## Exercise description
Transcribe each line of the records below exactly, excluding any embedded images.

────────────────────────────────────────

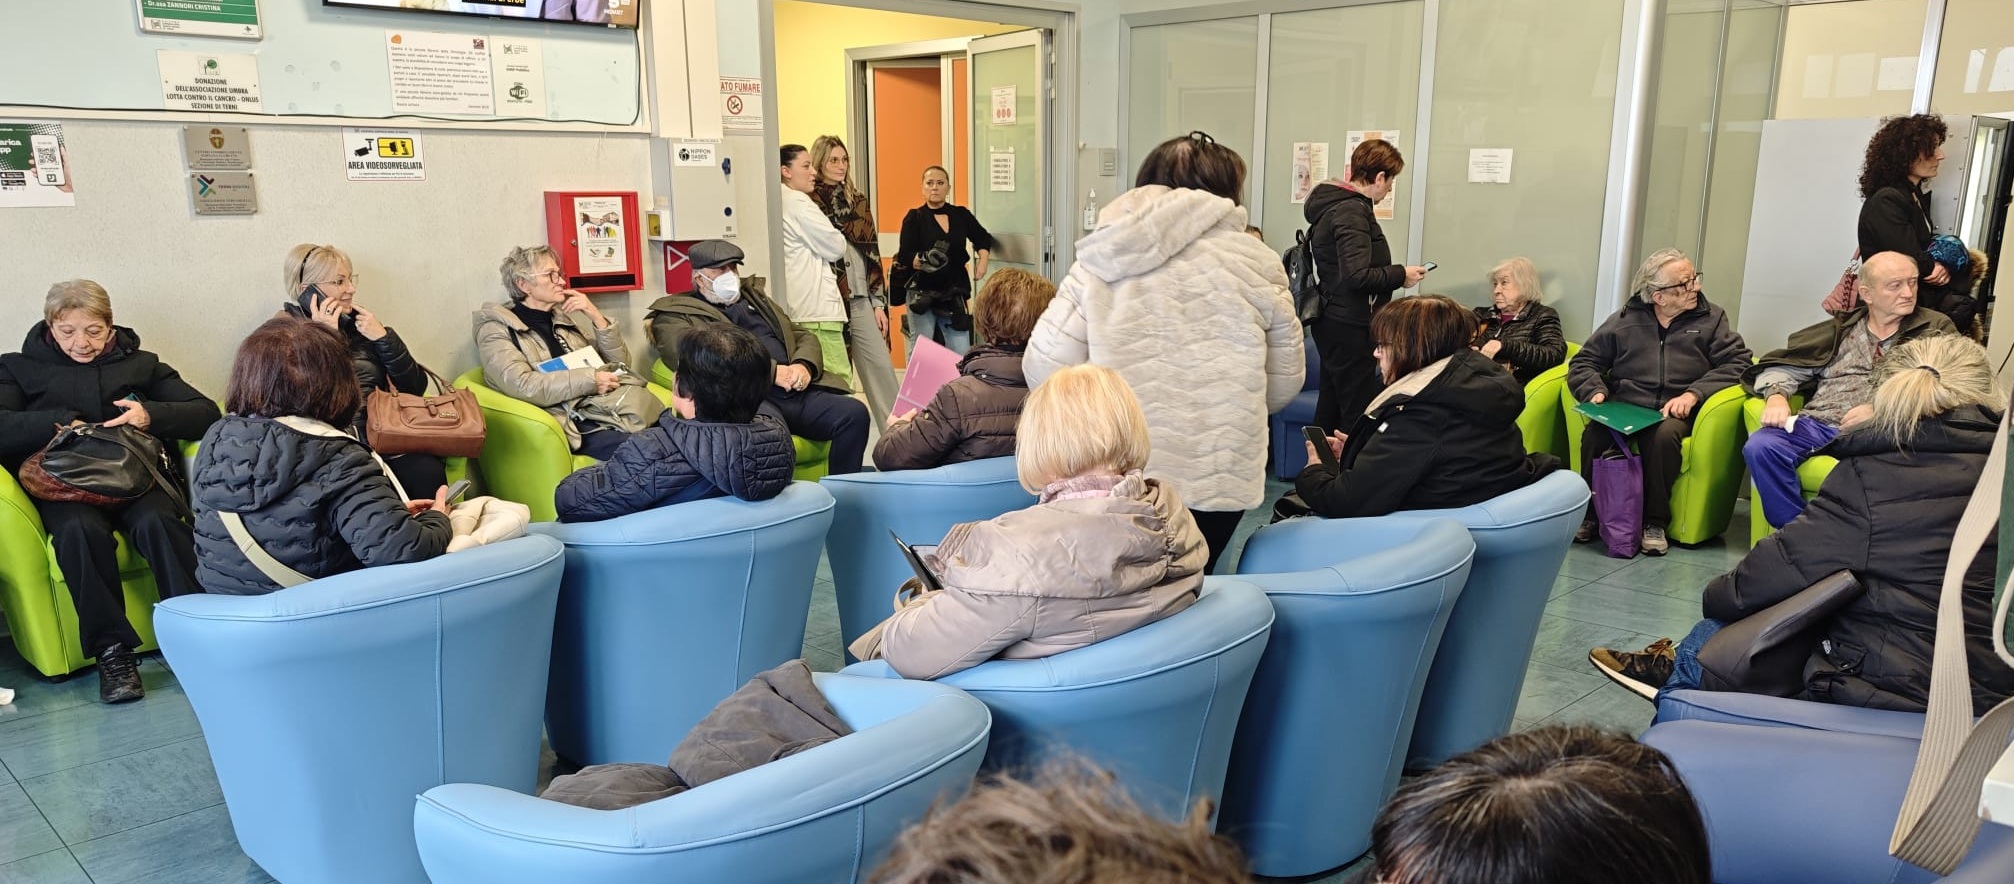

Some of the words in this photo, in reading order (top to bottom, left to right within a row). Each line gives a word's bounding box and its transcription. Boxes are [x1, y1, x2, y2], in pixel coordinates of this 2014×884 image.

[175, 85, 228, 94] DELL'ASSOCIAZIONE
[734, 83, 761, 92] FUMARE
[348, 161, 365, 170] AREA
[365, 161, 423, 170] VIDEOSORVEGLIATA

────────────────────────────────────────

## Solved exercise
Some of the words in this photo, in reading order (top to bottom, left to right within a row). Each line gives a word's bounding box and its transcription. Boxes are [x1, y1, x2, y2], in pixel coordinates of this 2014×884 image.

[175, 85, 228, 94] DELL'ASSOCIAZIONE
[734, 83, 761, 92] FUMARE
[348, 161, 365, 170] AREA
[365, 161, 423, 170] VIDEOSORVEGLIATA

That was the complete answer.